Cheating in academia is exactly the same as piracy: It is a service problem. If classes taught useful information/skills in a non-boring way, cheating would be significantly reduced.

It takes a special kind of myopic/arrogant person to find out that students are cheating on their exams and think that the problem has nothing to do with them.

I can't agree more, I've studied IT engineering, but spending countless hours on fundamental sciences while at the same time knowing that it will have little to no benefit to my actual profession was too big of a torture to endure.
If done right, fundamental sciences make for great learning.
Didn't do that for me on any level whatsoever. I think the biggest miss of academia is inability to catch student's interest. When I started doing actual practical work and see the fruits of my labor - that's when my interest morphed into a feedback loop - that was never ever the case in the university.
It is not the job of a university to motivate its students, they are supposed and assumed to be grown-ups who can motivate themselves to learn things they want to learn.
That'd be a destructive attitude for universities to take.
I guess you got unlucky with your studies and your professors. Glad to hear, that you learned to like learning.
I do agree with this. While in charge of hiring for a data science team, I found that candidates with degrees in hard sciences were more often than not better candidates than the ones with CS backgrounds. Fundamental understanding of mathematics and true problem solving skills go a long way in data science (and computer science of course), and these seem to be tenets of good graduates of Physics programs especially.
If the college degree would only serve to get to the next academic level, things would probably be alright.

IMHO the real issue is that degrees are considered signals for employers - that blows up their value to much, much more than "just" the value of the courses added together.

agree, I was a school drop out and then went on to do a degree in open university, then did my masters in IT and the IT degree would not be awarded to me because I did not have my school completed. (Note I passed in distinction > 70% in every subject of that degree)
>Cheating in academia is exactly the same as piracy: It is a service problem. If classes taught useful information/skills in a non-boring way, cheating would be significantly reduced.

This is true, but only for certain subjects. I largely agree with you when it comes to many Comp-Sci courses. Differential Equations, not so much.

You can't stop 100% of the cheaters, but if your differential equations professor speaks little English and lectures from the book without caring one iota about presentation, then that professor will have higher rates of cheaters. It's about controlling the variable that can be controlled.
The instructors mentioned were not teaching the course this student planned to cheat on, though. And without a revolution in American education, there will never be the students to sustain schools without the notion that there is a credential at the end of the level. Nor will there be any significant proportion of classes that have no unengaged students.
Right, which is why I said it has "mostly" to do with the fact that what is being taught is useless. It's asymptotic, of course - there exists a certain number of people who will cheat on their exams, and that's OK. It doesn't mean we give up and lecture in the most boring style possible, it means we try to improve education and reach the maximum amount of "engageable" students possible.
What you're describing may be part of the issue, I can't argue with that, but come on.

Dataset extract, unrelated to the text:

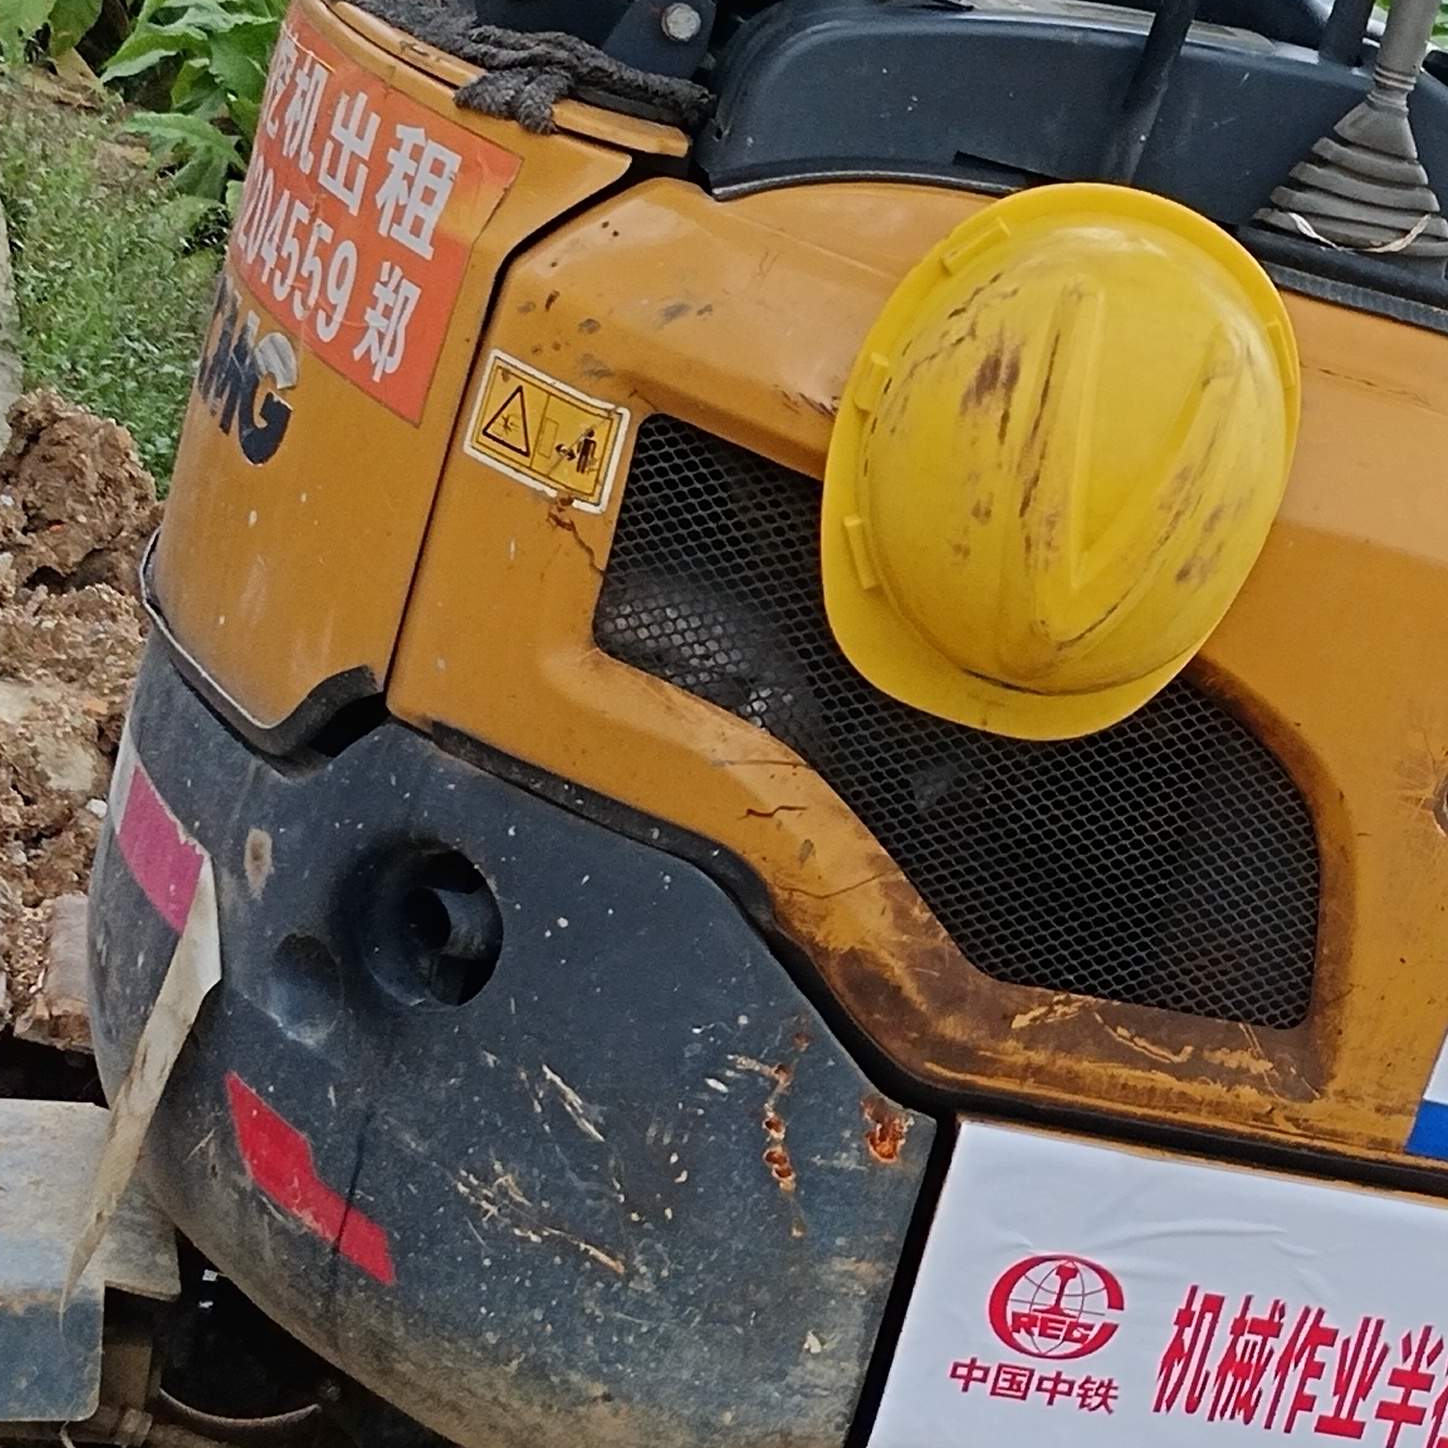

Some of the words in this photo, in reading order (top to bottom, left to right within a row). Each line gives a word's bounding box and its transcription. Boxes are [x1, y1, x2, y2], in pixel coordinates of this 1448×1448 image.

[352, 260, 422, 384] 郑
[949, 1356, 1120, 1415] 中国中铁

There are lots of reasons that people might cheat in classes that they enjoy or that they recognize is useful. I've been lucky enough to have very little cheating in my classes, but it's easy enough to imagine.

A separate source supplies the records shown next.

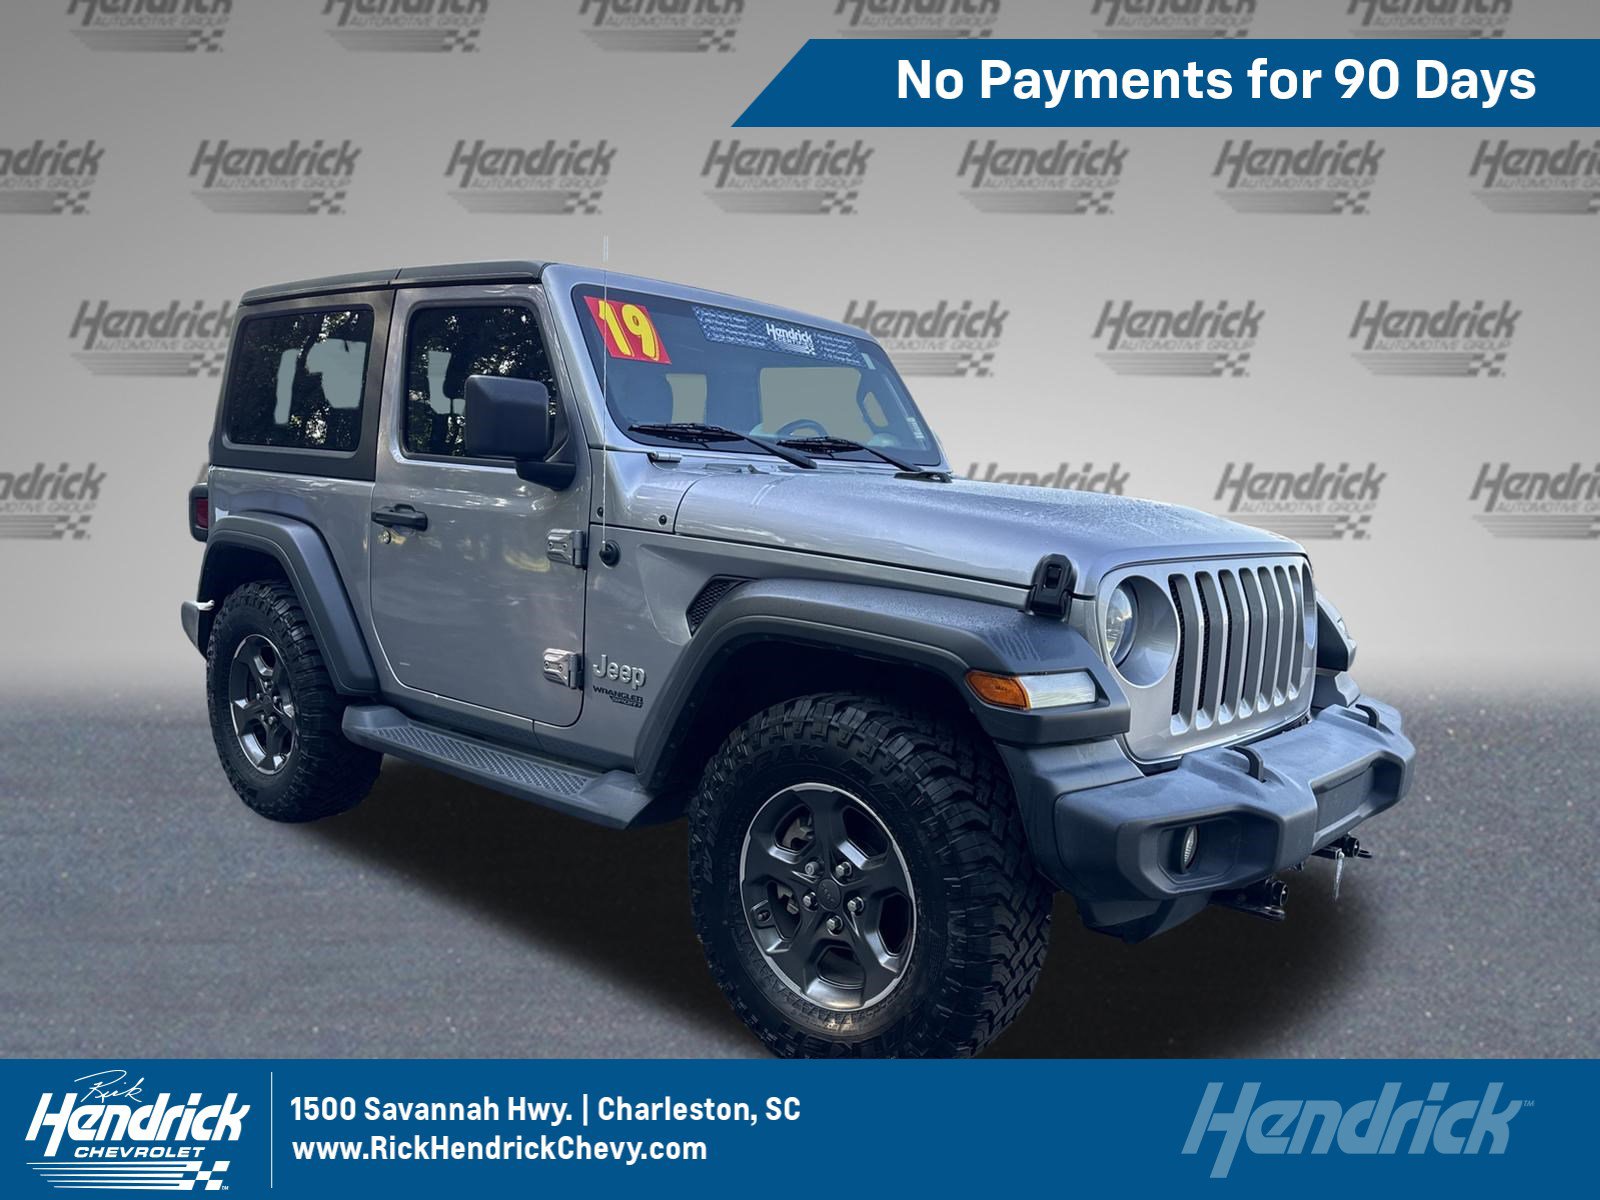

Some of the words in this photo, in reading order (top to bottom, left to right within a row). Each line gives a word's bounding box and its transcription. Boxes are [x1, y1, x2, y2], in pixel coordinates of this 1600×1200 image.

[189, 139, 361, 188] Hendrick
[445, 139, 617, 188] Hendrick
[702, 139, 874, 188] Hendrick
[957, 139, 1129, 188] Hendrick
[1213, 139, 1385, 188] Hendrick
[1468, 139, 1600, 188] Hendri
[598, 300, 660, 361] 19
[765, 323, 813, 344] Hendrick
[1091, 299, 1265, 350] Hendrick
[1349, 299, 1522, 350] Hendrick
[1213, 462, 1387, 512] Hendrick
[1469, 462, 1600, 512] Hendri
[592, 654, 646, 691] Jeep
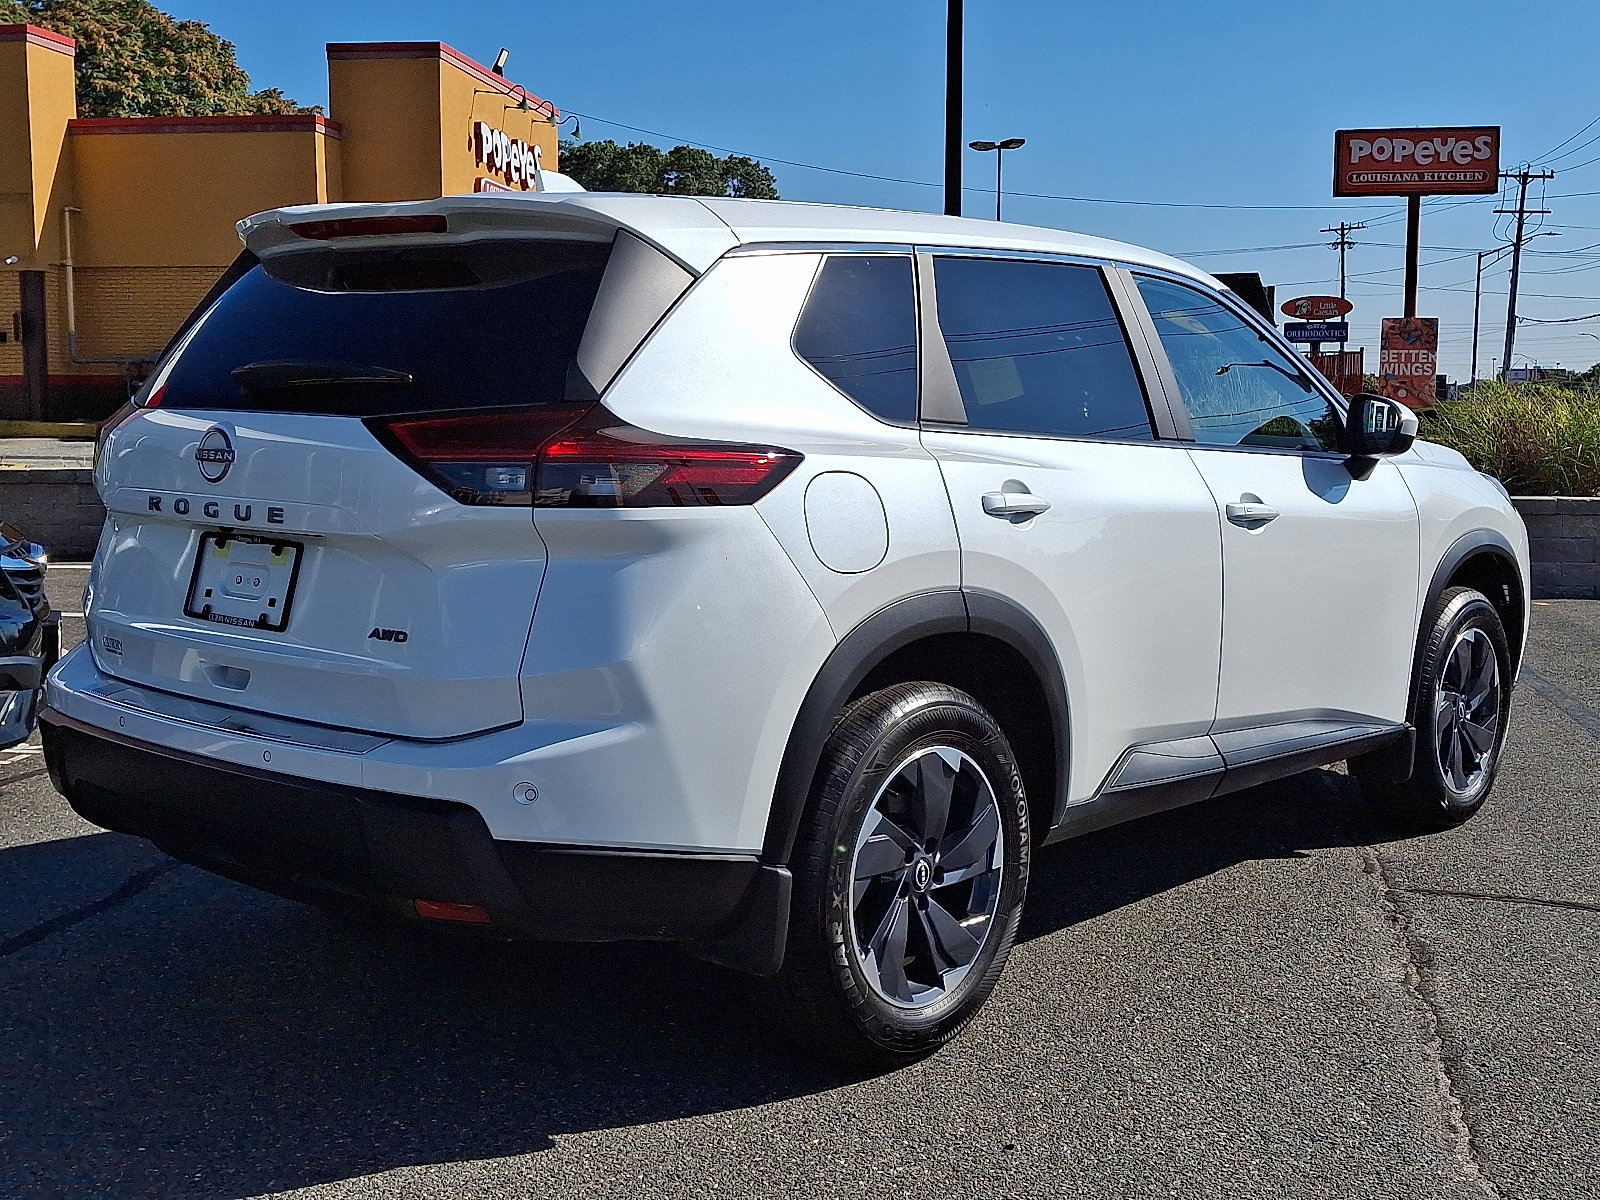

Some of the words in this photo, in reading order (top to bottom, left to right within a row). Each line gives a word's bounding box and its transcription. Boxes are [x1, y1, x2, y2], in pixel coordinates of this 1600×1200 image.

Let's say Johnny wants to be a doctor more than anything in the world. He knows that he needs two semesters of Organic Chemistry on his transcript to get in to med school, and that if his grades aren't top notch he won't be able to compete. Johnny likes his Chem prof (and the grading is fair), but he's only managing B-'s on his exams. He sees his dream fading away. Sure, he could say, "Huh. I guess I'm not cut out to be a doctor." But don't you think some students out there would consider cheating under those circumstances?

Or maybe Johnny consciously chose to go to a college that has a strong culture of giving students a "well-rounded" education (by whatever internal definition) and insists that students take a wide variety of classes from different disciplines. That's not Johnny's cup of tea: he just wants a computing degree. He could easily have chosen a different school, but he didn't. Now he just wants to focus on his CS classes, so when he's stuck with a course in English or History he decides to cheat so he doesn't have to think about it. Do you really want to say that's the teacher's fault?

You have a valid point in the first one but in the second case cheating is harmless.

He has no intention of applying the knowledge he would have attained in the classes he cheated on.

Every student should be allowed to choose his own classes with as little requirements imposed by the school as possible.

That's not to say there couldn't be a list of recommendations preferably with an explanation why for students that have no idea what to take but forcing them is a bad idea.

Stop wasting students time with useless classes just so you can have a standard set of classes for each field.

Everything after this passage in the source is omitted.